SEKINCHAN, Malaysia: He may be 92 but Malaysia’s ex-strongman Mahathir Mohamad has brushed aside the constraints of age to hit the campaign trail for upcoming polls, as he takes on scandal-plagued premier Najib Razak.
Mahathir was welcomed by cheering voters at a fishing village on Friday, in a late-night stop as he seeks to woo voters crucial to victory in polls that must be called by August.
Such a scene would have been unthinkable until recently — Mahathir was addressing an event organized by an opposition party that fought against his rule during his 22 years in power.
“This time, we have a chance to change the Barisan Nasional (BN) government,” the elderly politician thundered, referring to the coalition that has ruled Malaysia since independence in 1957, and which he himself once led.
Mahathir was picked as the opposition coalition’s prime ministerial candidate this month, in a political volte-face that shook up a race that long looked like an easy win for the government.
His coalition hopes he will win rural votes, particularly those of the Muslim Malay majority, who have long supported the government in exchange for policies favoring them but have become disillusioned due to the rising cost of living and a financial scandal ensnaring Najib.
“The critical factor in this election would be Malay voters that are disgruntled,” said Ibrahim Suffian, head of independent polling firm Merdeka Center, told Agence France-Presse.
Mahathir is himself Malay, and has long championed the Malay cause.
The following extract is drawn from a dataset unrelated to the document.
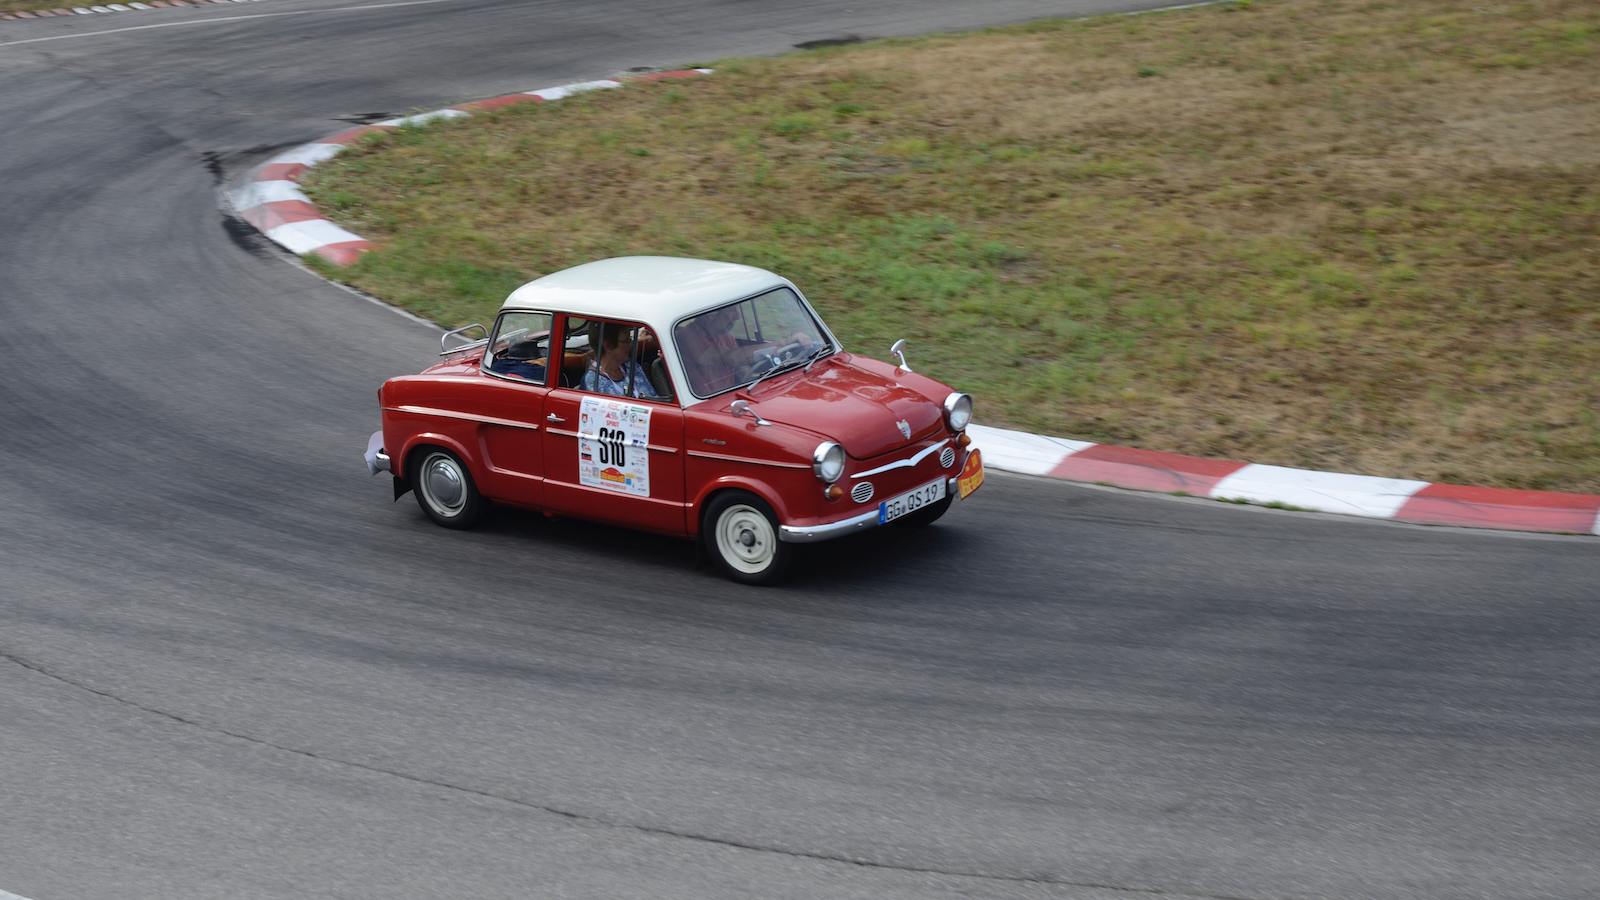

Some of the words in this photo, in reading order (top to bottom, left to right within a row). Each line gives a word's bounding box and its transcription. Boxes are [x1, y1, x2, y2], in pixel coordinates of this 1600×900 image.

[886, 501, 900, 520] GG
[908, 491, 921, 511] QS
[925, 484, 938, 503] 19
The opposition hopes the votes he peels away from the government will complement their traditional support base of people in the cities and minorities, particularly the ethnic Chinese.
Analysts do not expect the opposition to win due to BN’s dominance of the political system, but if the unlikely happens, Mahathir will become the world’s oldest prime minister.
Mahathir stepped down as premier in 2003, but he did not stay away from politics for long.
He came out of retirement to challenge his ex-protege Najib over allegations state fund 1MDB had been plundered, formed a party in 2016 and aligned with the opposition.
The most remarkable aspect of his political rebirth has been a reconciliation with former nemesis Anwar Ibrahim. The pair met for the first time in 18 years in 2016 when Mahathir turned up to show support for Anwar at a court appearance.
Anwar was heir apparent to Mahathir until the premier sacked him in 1998 over political differences, and he was then jailed on sodomy and corruption charges.
The opposition Coalition of Hope had qualms about making Mahathir their candidate for the top job but observers say there was ultimately little choice.
Anwar was the only other figure well-known enough, and he is in jail after being convicted of sodomy again in 2015 in a case his supporters say was politically-motivated.
There is little sign that age is slowing Mahathir down.
He arrived at Friday’s dinner event in the east coast fishing village of Sekinchan at around 10 p.m., smiling broadly as he walked through an applauding crowd.
During his speech, the slight, bespectacled man with white, slicked back hair, repeatedly attacked Najib over allegations huge sums were stolen from 1MDB.
“Since Najib became prime minister, he’s lost billions of ringgit,” Mahathir told the 3,000-strong group at the event organized by the Democratic Action Party, part of the opposition coalition.
Najib and 1MDB deny any wrongdoing.
Mahathir has faced much criticism for his authoritarian rule. Opposition figures were jailed without trial in the 1980s, and he was accused of attacking the judiciary.
But he is also credited with transforming a sleepy Southeast Asian backwater into an economic success story, and his candidacy is appealing to voters longing for better times and angry at rising living costs.
“He is someone who can return the country to how it was before,” said Jamiah Mansor, 64, a Malay housewife who attended Friday’s dinner.
But his candidacy has also proved controversial, with the ruling coalition accusing the opposition of hypocrisy and many furious at the prospect of his return.
“Bringing back Mahathir is a betrayal of (the opposition’s) supporters,” Abdul Rahman Dahlan, minister in the prime minister’s department, told AFP.
His bid for the top job has left many younger voters disillusioned, and a campaign calling for votes to be spoiled has gone viral.
Hafidz Baharom, 35, a former opposition supporter who plans not to vote, told AFP that “the younger generation needs to move up, the older generation has to resign and move from the front lines.”
The opposition are “not even promising hope—they’re promising the lesser of two evils,” he said.